How to Make a Game Like Jetpack Joyride using LevelHelper and SpriteHelper [Corona Edition] – Part 2
This is a post by special contributor Bogdan Vladu, an iOS application developer and aspiring game developer living in Bucharest, Romania.
So far, we’ve got a working level with background art that scrolls continuously. Check out how we did it in Part One.
By now, you should be pretty comfortable working with LevelHelper and SpriteHelper, at least when it comes to the basics like adding objects to the levels.
In this second part of the tutorial, we’ll focus on adding some movement and activity to the game. Lasers, coins, a flying player-character, the beginnings of collisions… it’s all coming up!
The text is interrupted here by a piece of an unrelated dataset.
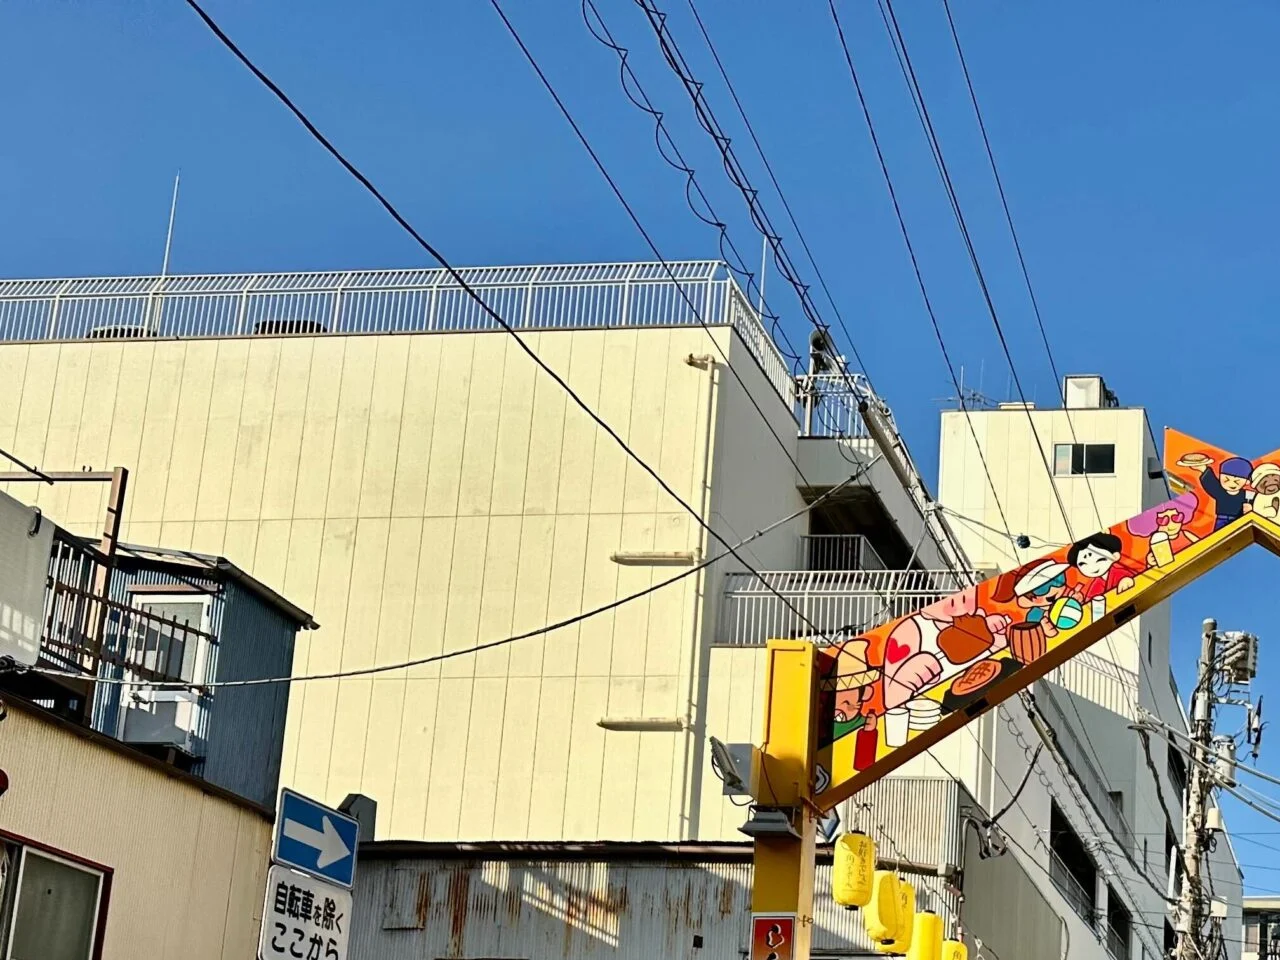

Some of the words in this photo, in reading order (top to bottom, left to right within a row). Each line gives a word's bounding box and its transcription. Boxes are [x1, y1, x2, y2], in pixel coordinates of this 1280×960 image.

So let’s get that mouse flying!
The next step in creating our Jetpack Joyride game is to add some elements that the player will directly interact with: lasers and coins. Adding these elements is also a good way to begin learning how to implement animations and sensors using LevelHelper.
Since we want the lasers to go on and off, we need to make them animations. As for the coins, we want to know when the player collides with them, but we don’t want the player to bounce off them. To do this, we need to make them sensors.
Having grappled with the basics of animation and collision response, we’ll expand the concepts to other elements of our game, including the player. We’ll learn how to create tags to track collisions, then put it all together with some actual code!
Before we get started, you might want to open your current LevelHelper project and save the level as level03 (this way you’ll have the old level to look back on). If you do this, be sure to load the new level in your Corona project by updating the line that selects the level to choose level 3 like so:
loader = LevelHelperLoader:initWithContentOfFile("level03.plhs")
Working With Animations: Adding Lasers
How we’ll use the animations in gameplay is fairly simple. When the player makes contact with a laser, we’ll just test what frame the animation is on. If it’s the frame with the laser-off sprite, we’ll leave the player alone. If it’s the frame with the laser-on sprite, then we’ll kill the player.
To create an animation for our lasers, go to the available sprites list on the right panel in LevelHelper, and Control-Click (or right-click) on one of the laser sprites. Then choose “Open SpriteHelper scene” from the menu.
SpriteHelper will open with the correct scene. Navigate to the Animation section, click the + button to create a new animation, then double click on the animation name and call it “Laser.”
Now go in the sprites list and select the vertical laser. Go back to the animation section and click Add Frame. This will add the two sprites to the animation.
Arrange the frames in the correct order (off and then on, or laser1 and then laser2) by clicking the up and down arrows. Set the speed to 3 and make sure the Start At Launch and Loop Forever options are checked.
When you’re done, hit Command-S to save the scene.
Now let’s switch back to LevelHelper and work with the animation we just created. You’ll see that an Animations section has already been added for you in LevelHelper, as in the image below.
There are two ways to activate the animation. I will demonstrate both.
The first way is to drag the animation into the level just as we did with the sprites.
The second way is to attach the animation to a sprite that’s already in the level. In this case, I’m adding the animation to the laser sprite.
Go to the sprites section. We haven’t added the laser sprites to the level yet, so drag one of them (doesn’t matter which) from the list into the level, and make sure that sprite is selected. Then go to the General Properties section and select the Laser animation from the list.
Continue adding lasers to the level, until a satisfying amount of danger has been achieved. You can rotate and scale the lasers by using the handles that appear when you select a sprite.
My level now looks like this:
If you look at the laser shape you can see that the sprite is a full quad.
In our game we want the mouse to die only when it hits the actual laser in the sprite (the yellow part), so let’s make the shape smaller.
To do this we can define a shape like we did for the dog and cat, or we can modify the Shape Border property under the Physics menu using predefined values. Since you already know how to create a shape with points, let’s try it the second way.
Select the laser1 image from inside the Images section of LevelHelper. Right click on it and select Open SpriteHelper Scene.
Once the SpriteHelper scene is open, click on the “laser1” sprite. Because the laser is an animation, we need to modify the physics properties of the first frame of the animation – in this case the “laser1” sprite. Animations have the physics properties of the first frame.
With laser1 selected, go to the Physics menu and enter 70 and 40 for the Shape Border values. This will make the shape of the sprite be equal to the sprite size, minus the values you enter here. You can see the visual representation in the view.
Back in LevelHelper, we can see that all lasers have been updated with the correct shape.
Now select all lasers and add them to our parallax. Enter 1 and 0 for the ratio.
Save the level, and if you build and run your game it will now have animating lasers!